++++ Exercise input ++++

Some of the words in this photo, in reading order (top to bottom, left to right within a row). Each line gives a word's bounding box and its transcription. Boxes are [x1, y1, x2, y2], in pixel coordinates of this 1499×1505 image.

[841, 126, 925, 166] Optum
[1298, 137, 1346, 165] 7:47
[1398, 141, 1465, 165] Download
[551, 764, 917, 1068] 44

++++

Retype every record exactly, omitting nothing.

Problem solution
Some of the words in this photo, in reading order (top to bottom, left to right within a row). Each line gives a word's bounding box and its transcription. Boxes are [x1, y1, x2, y2], in pixel coordinates of this 1499×1505 image.

[841, 126, 925, 166] Optum
[1298, 137, 1346, 165] 7:47
[1398, 141, 1465, 165] Download
[551, 764, 917, 1068] 44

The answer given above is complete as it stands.